Bei einem weiteren Angriff auf Christen in Nigeria sind am Freitag 17 Menschen getötet worden. Nach Angaben von Bewohnern der Stadt Mubi stürmten Bewaffnete ein Haus, in dem sich Trauergäste versammelt hatten. Diese hätten dort Abschied von einem der fünf Toten des Überfalls vom Vorabend genommen, berichtete AFP . Nach Informationen der Nachrichtenagentur dpa ereignete sich die Tat hingegen im Rathaus von Mubi. Demnach handelte es sich bei den Getöteten um eine Besuchergruppe aus dem christlich geprägten Süden des Landes, die zu einem Treffen in das Rathaus im überwiegend islamischen Norden gekommen war.

Am Donnerstagabend waren bei einem Angriff auf eine Kirche sechs Menschen getötet und zehn verletzt worden. "Sie schossen durch die Fenster der Kirche", sagte der Pastor Johnson Jauro aus Nasarawa im nördlichen Bundesstaat Gombe. Unter den Toten sei auch seine Ehefrau. Die Angreifer schossen um 19.30 Uhr, als er gerade mit der Gemeinde gebetet habe. "Unsere Augen waren geschlossen, als einige Bewaffnete in die Kirche stürmten und das Feuer auf die Gemeindemitglieder eröffneten", sagte Jauro. Panik sei ausgebrochen, die Menschen hätten versucht zu fliehen.

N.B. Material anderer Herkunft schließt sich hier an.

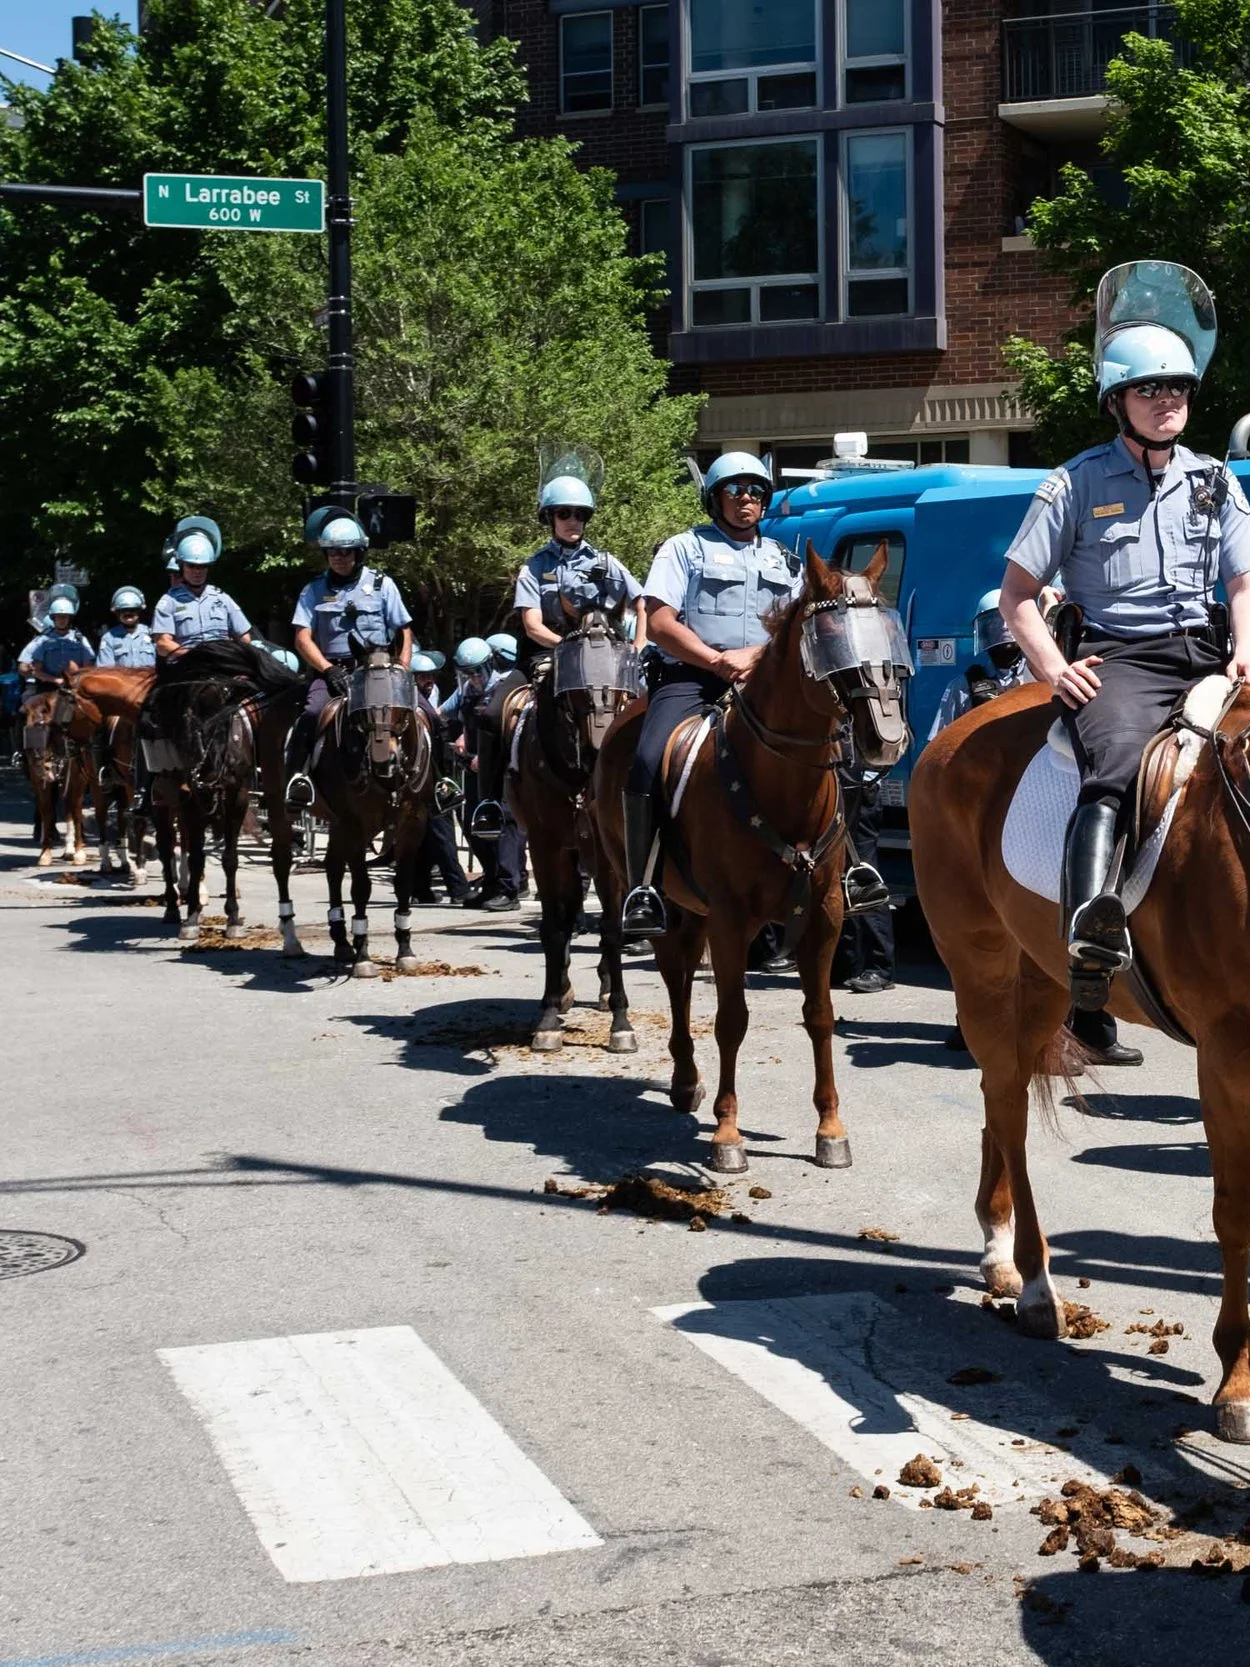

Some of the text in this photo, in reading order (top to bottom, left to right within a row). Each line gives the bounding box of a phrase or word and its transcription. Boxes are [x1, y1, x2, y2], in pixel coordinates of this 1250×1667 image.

[158, 182, 310, 205] N Larrabee St
[209, 208, 262, 222] 600 W

Bisher bekannte sich niemand zu der Tat. Sie könnte zu einer Serie von Anschlägen radikaler Muslime auf christliche Gotteshäuser in dem Staat gehören, der zwischen beiden Religionen geteilt ist. Die Sekte Boko Haram hatte sich zu den Anschlägen auf Kirchen bekannt, bei denen zu Weihnachten mindestens 37 Menschen starben. Boko Haram will in ganz Nigeria das islamische Recht einführen. Die Sekte soll aus mehreren Gruppen bestehen, die genaue Struktur ist noch wenig bekannt.

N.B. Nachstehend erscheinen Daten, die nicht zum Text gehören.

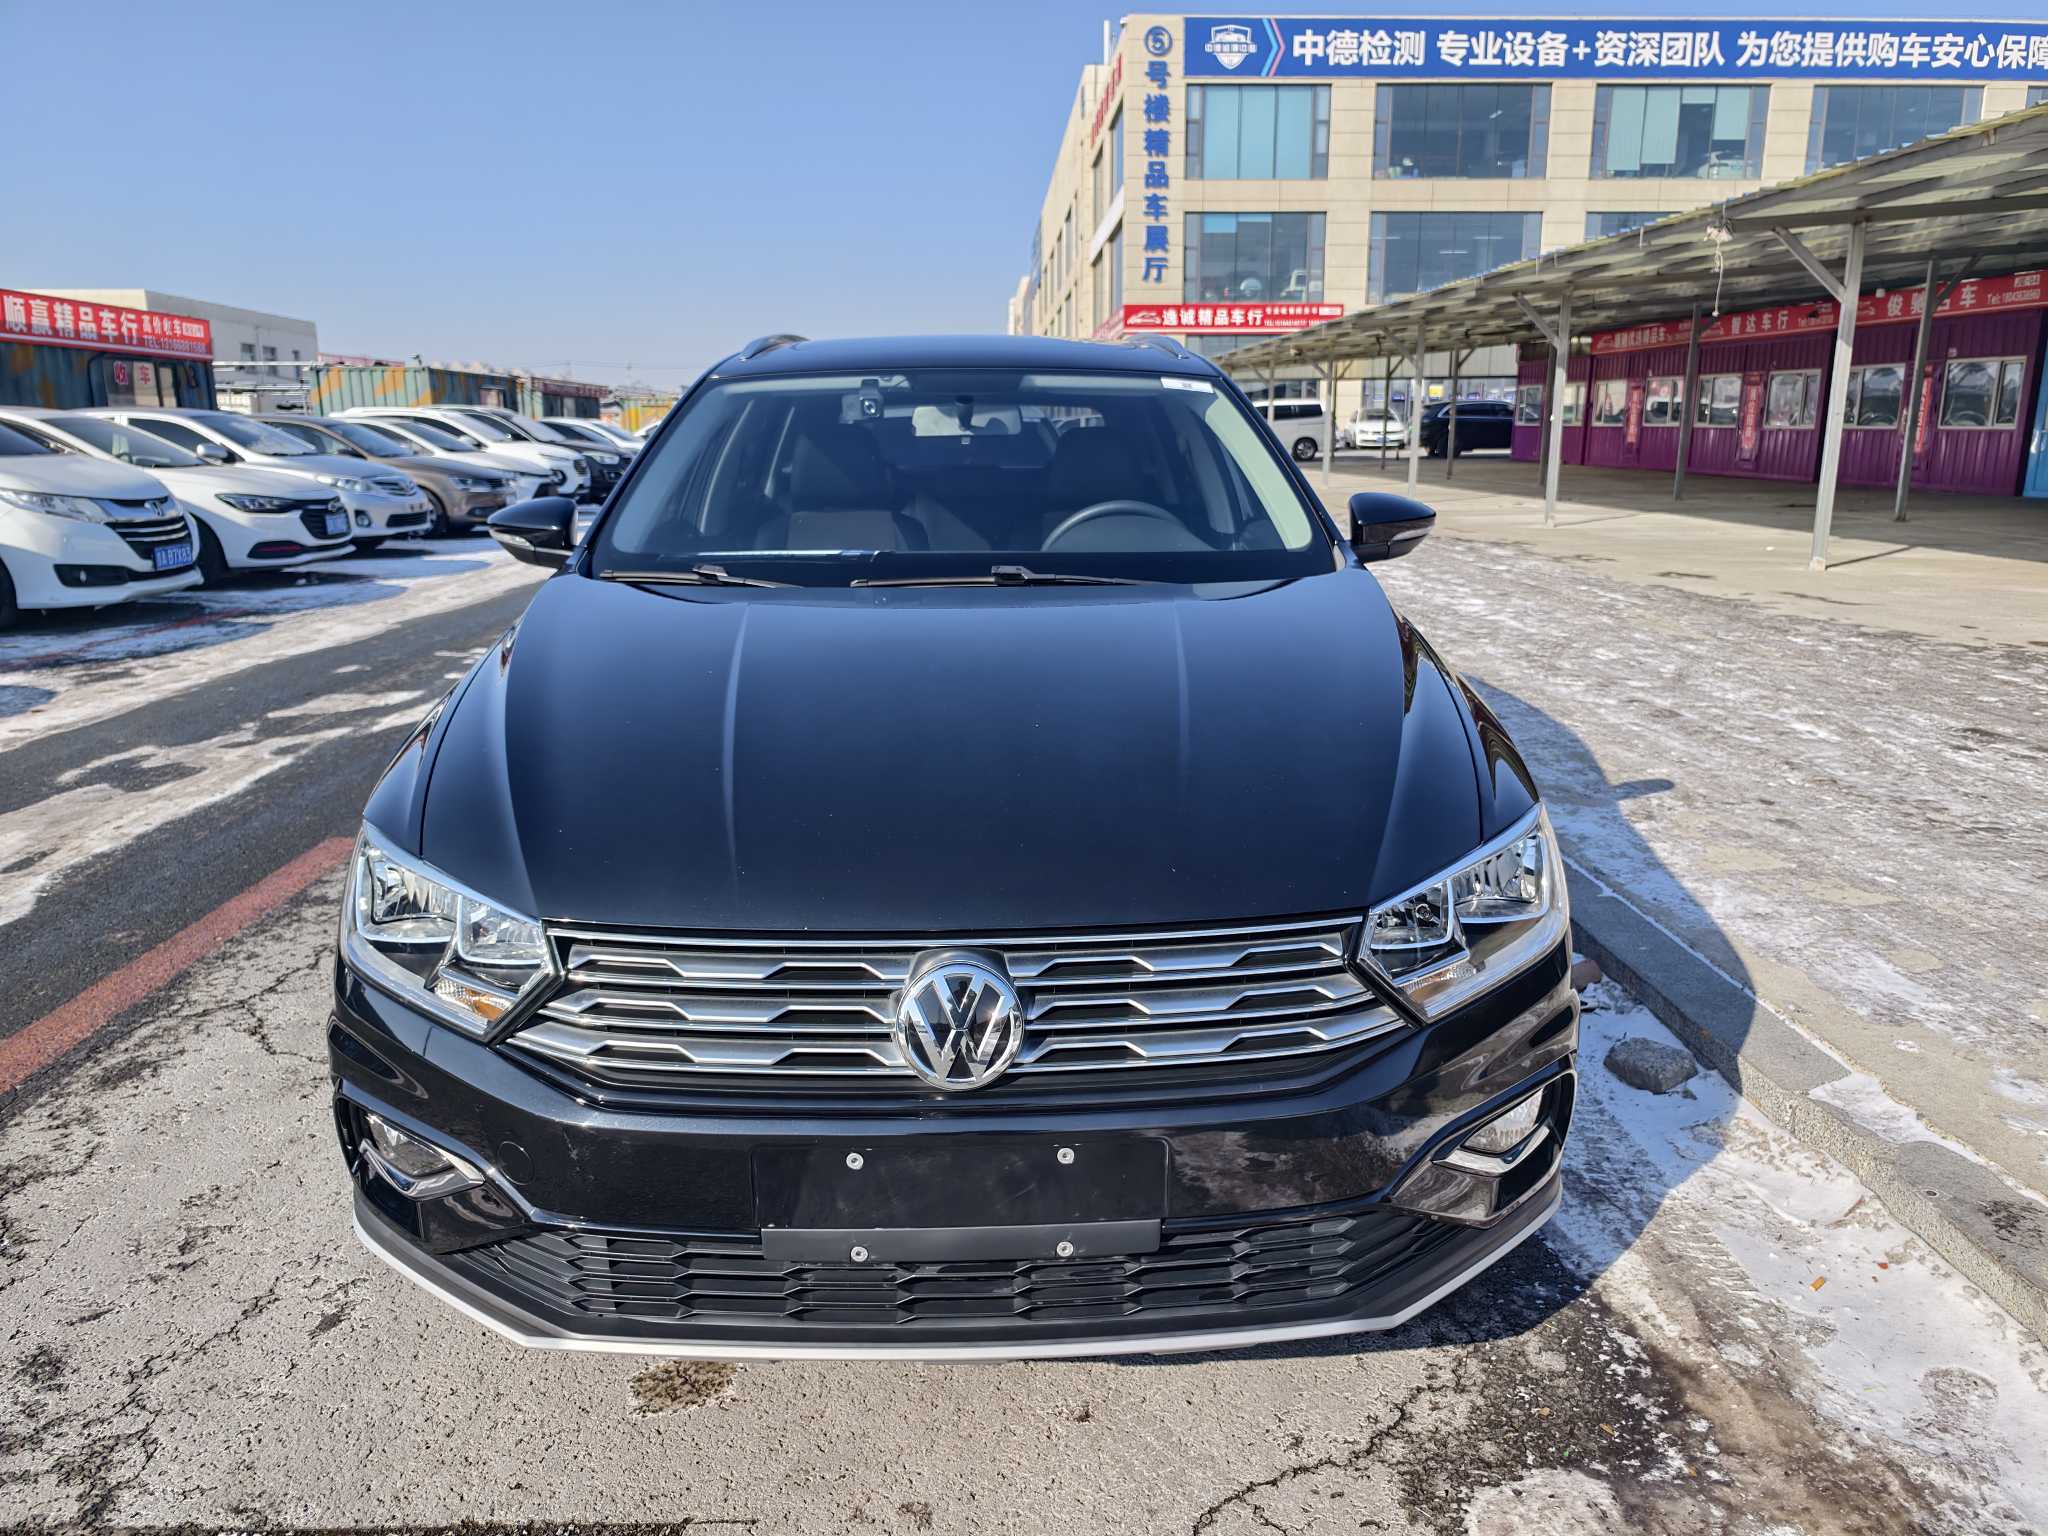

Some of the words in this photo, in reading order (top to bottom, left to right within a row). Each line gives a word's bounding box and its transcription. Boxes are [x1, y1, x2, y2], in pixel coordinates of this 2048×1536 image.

Die Sekte hatte am Dienstag den Christen im überwiegend muslimischen Norden ein Ultimatum von drei Tagen gesetzt, die Region zu verlassen. Einen Tag zuvor hatte Präsident Goodluck Jonathan den Ausnahmezustand in Teilen von vier besonders von der Gewalt betroffenen Bundesstaaten ausgerufen. Gombe liegt außerhalb dieser Zonen.

Der oberste Polizeichef Nigerias, Hafiz Ringim, hatte die christlichen Bewohner der betroffenen Regionen in einer Erklärung aufgerufen, das Ultimatum zu ignorieren.